**** Source data ****
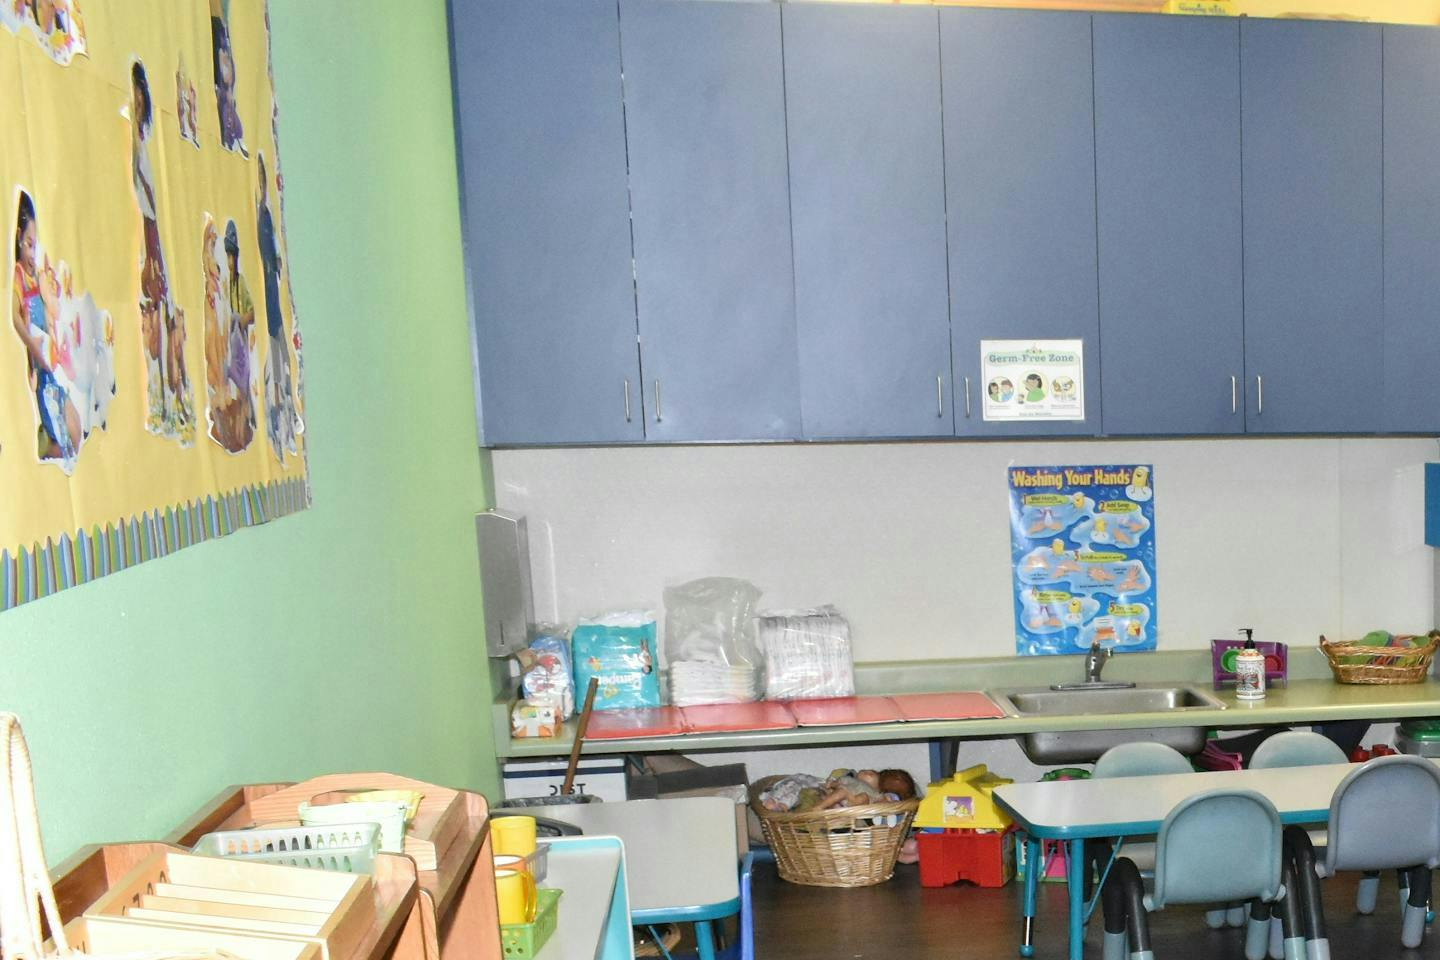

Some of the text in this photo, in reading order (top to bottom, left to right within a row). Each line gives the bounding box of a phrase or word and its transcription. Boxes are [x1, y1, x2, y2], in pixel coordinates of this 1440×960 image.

[988, 353, 1075, 364] Germ-Free Zone
[1012, 469, 1130, 490] Washing Your Hands
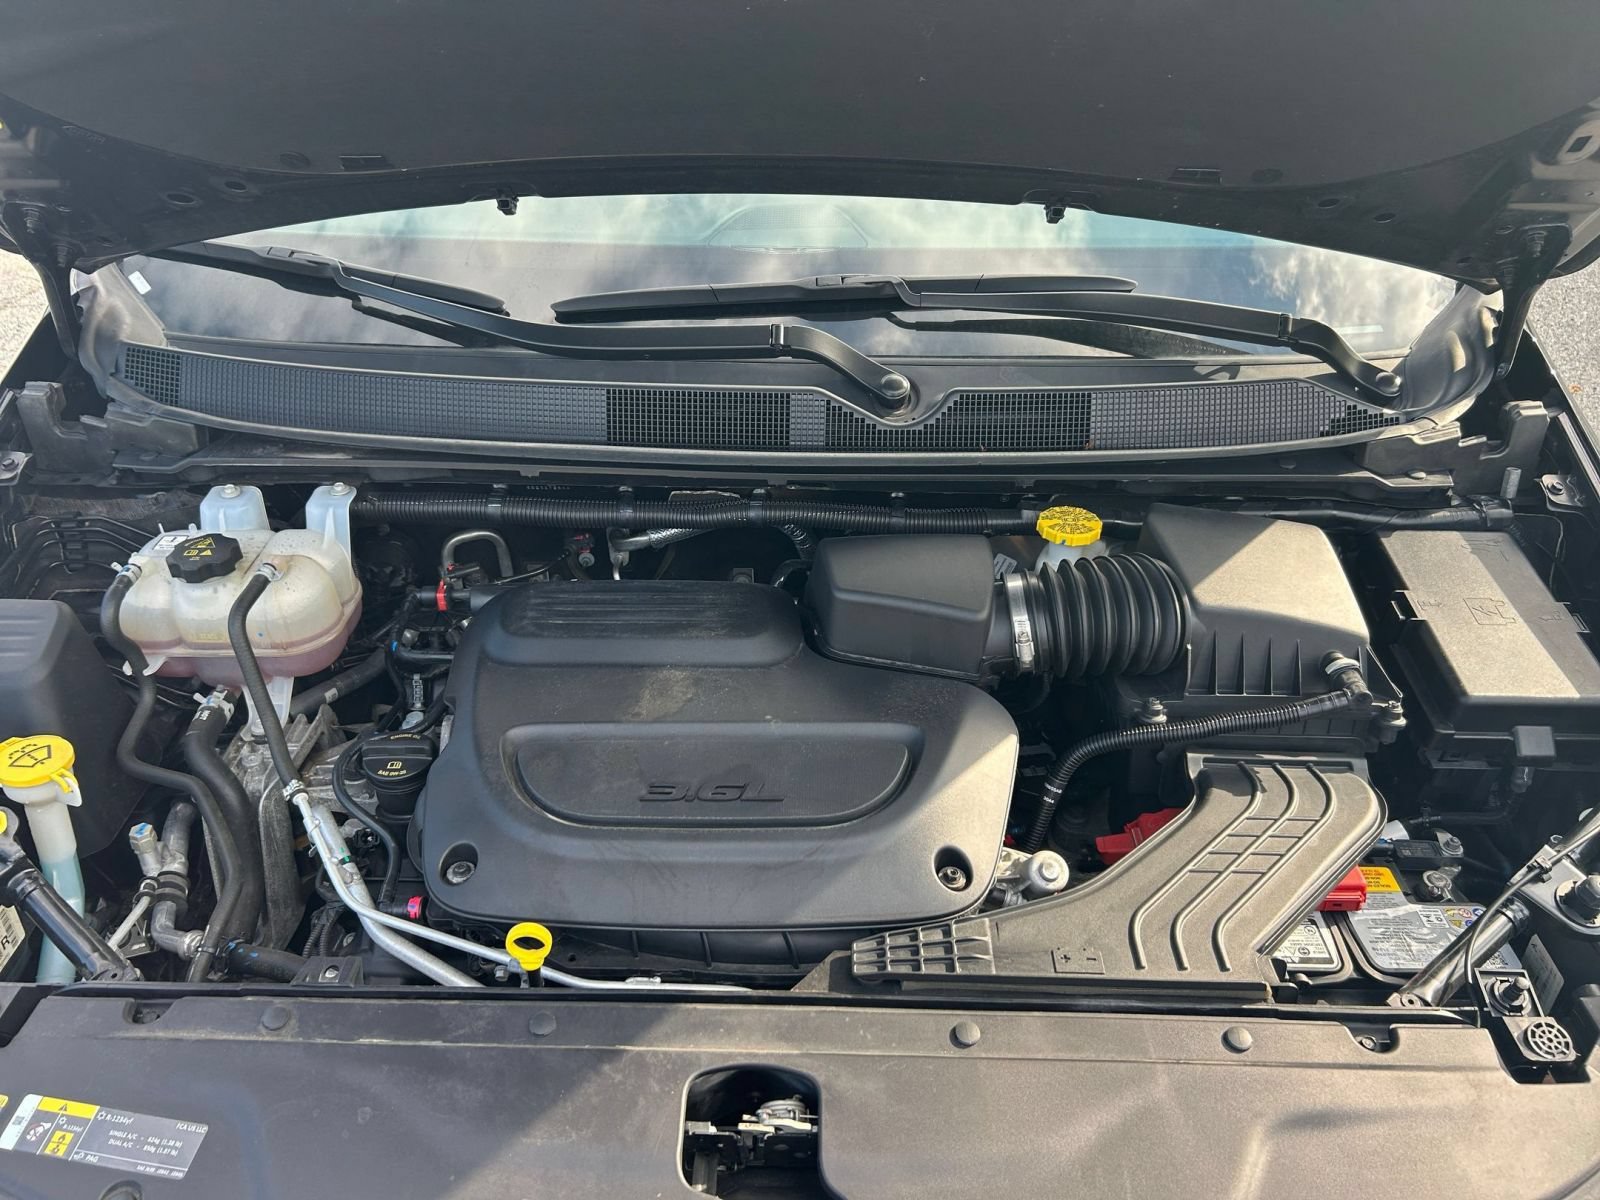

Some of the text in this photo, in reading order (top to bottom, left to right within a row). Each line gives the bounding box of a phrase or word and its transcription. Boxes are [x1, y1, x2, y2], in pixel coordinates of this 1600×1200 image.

[638, 781, 785, 803] 3.6L
[106, 1113, 134, 1126] R-1234yf
[85, 1154, 99, 1163] PAG
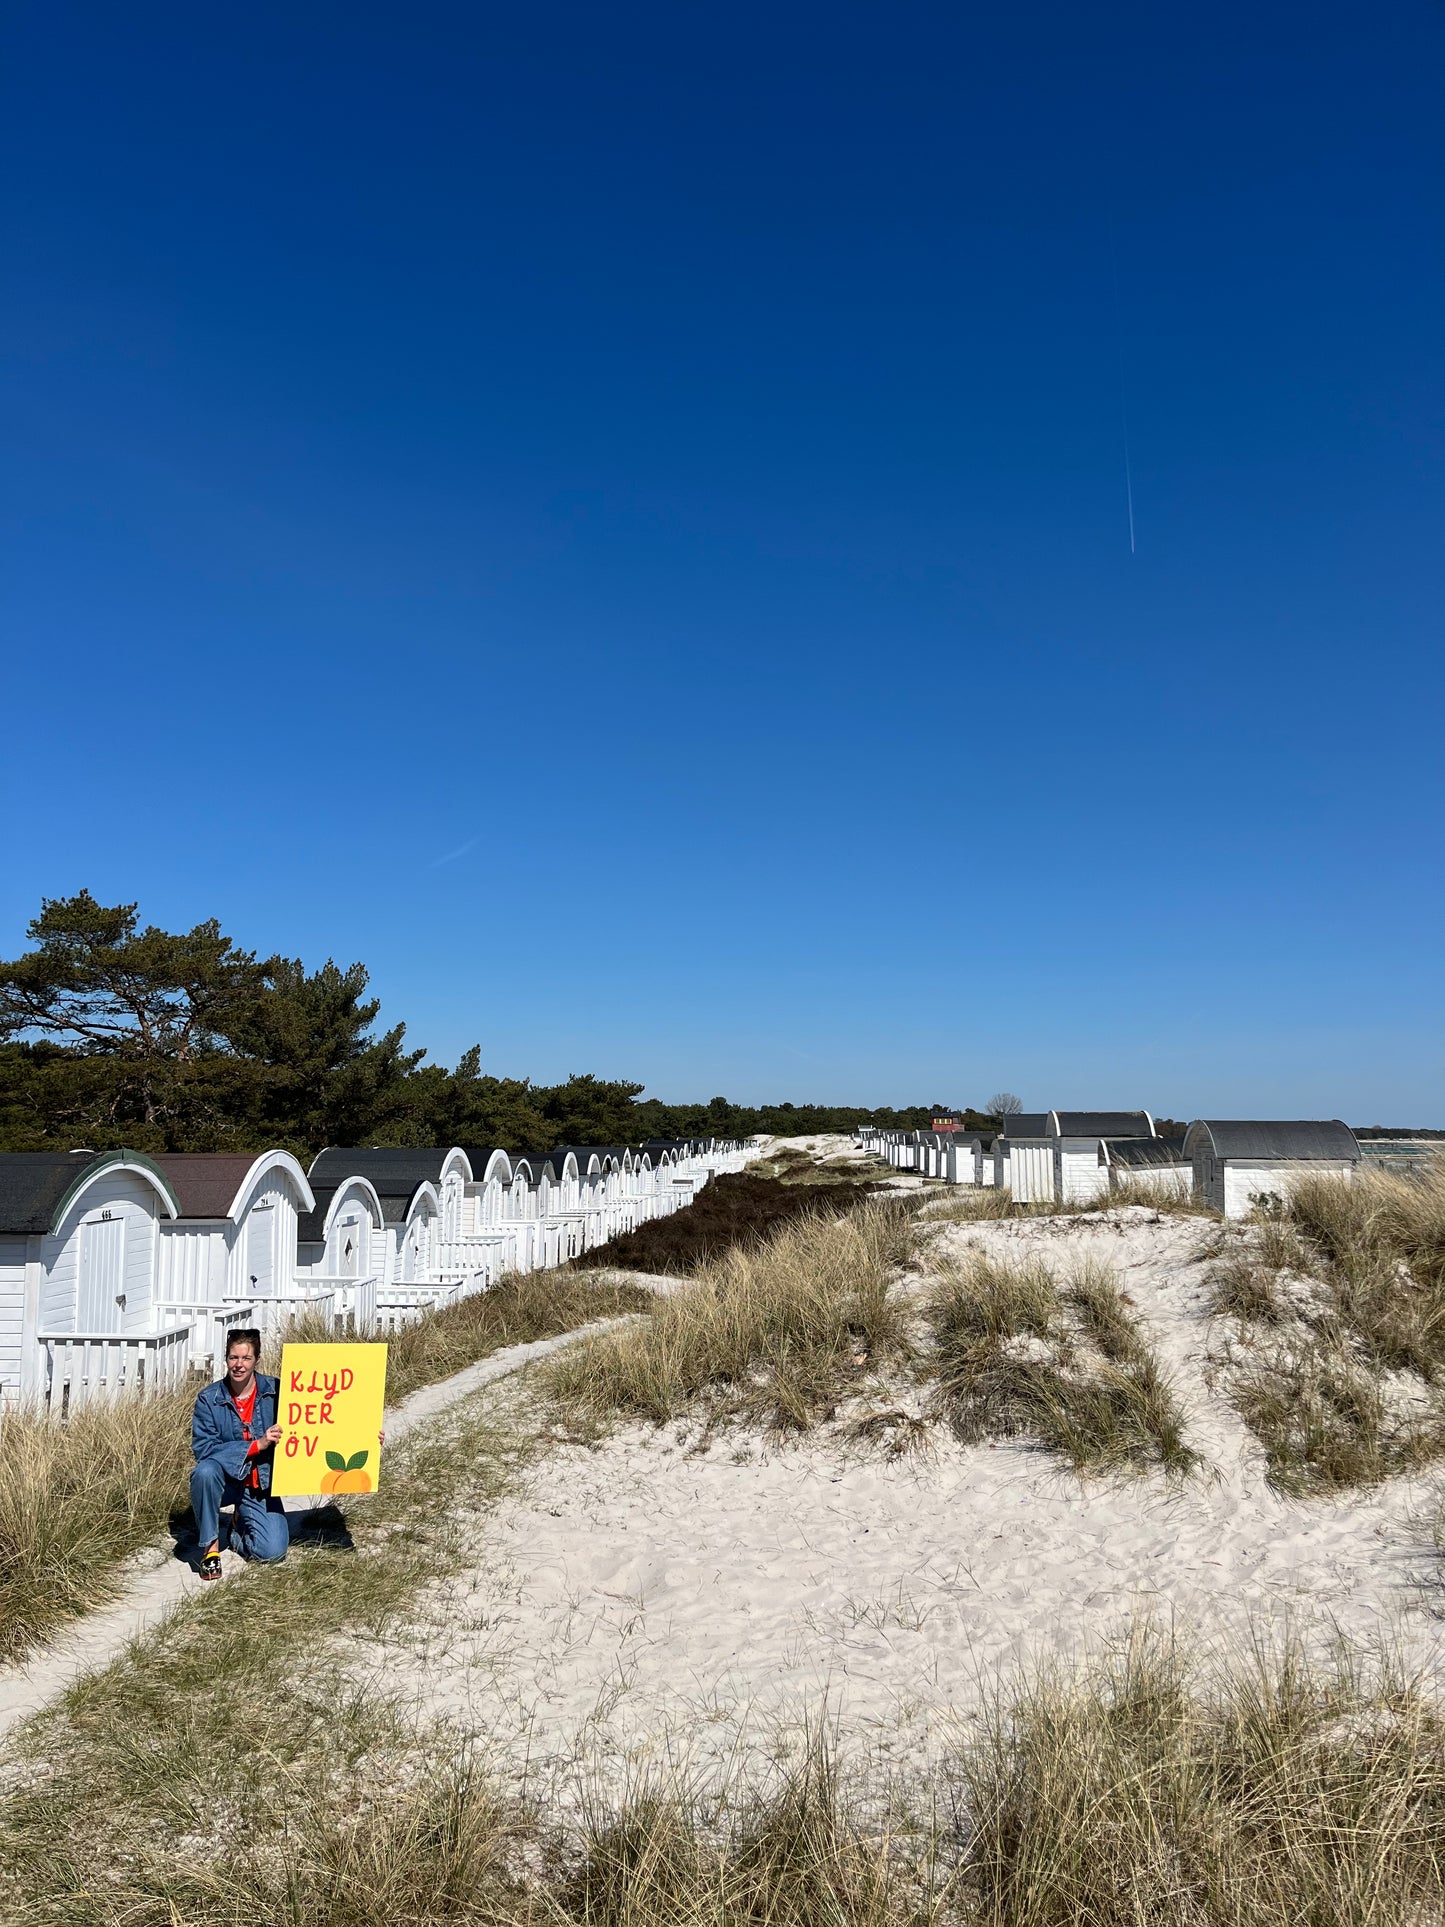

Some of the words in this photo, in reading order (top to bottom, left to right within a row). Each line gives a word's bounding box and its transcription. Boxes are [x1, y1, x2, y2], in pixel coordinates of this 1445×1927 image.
****
Everything from the line containing "this 1600×1200 image." through the last line of the listing above must be output exactly, except the pictures.

#### [Answer to the exercise]
Some of the text in this photo, in reading order (top to bottom, left to right within a row). Each line gives the bounding box of a phrase or word and its transcription. Boxes are [x1, y1, x2, y2], in pixel coordinates of this 1600×1200 image.

[638, 781, 785, 803] 3.6L
[106, 1113, 134, 1126] R-1234yf
[85, 1154, 99, 1163] PAG

Some of the words in this photo, in reading order (top to bottom, left to right within a row). Each line gives a word's bounding box and its transcription. Boxes are [x1, y1, x2, y2], in pixel coordinates of this 1445×1927 image.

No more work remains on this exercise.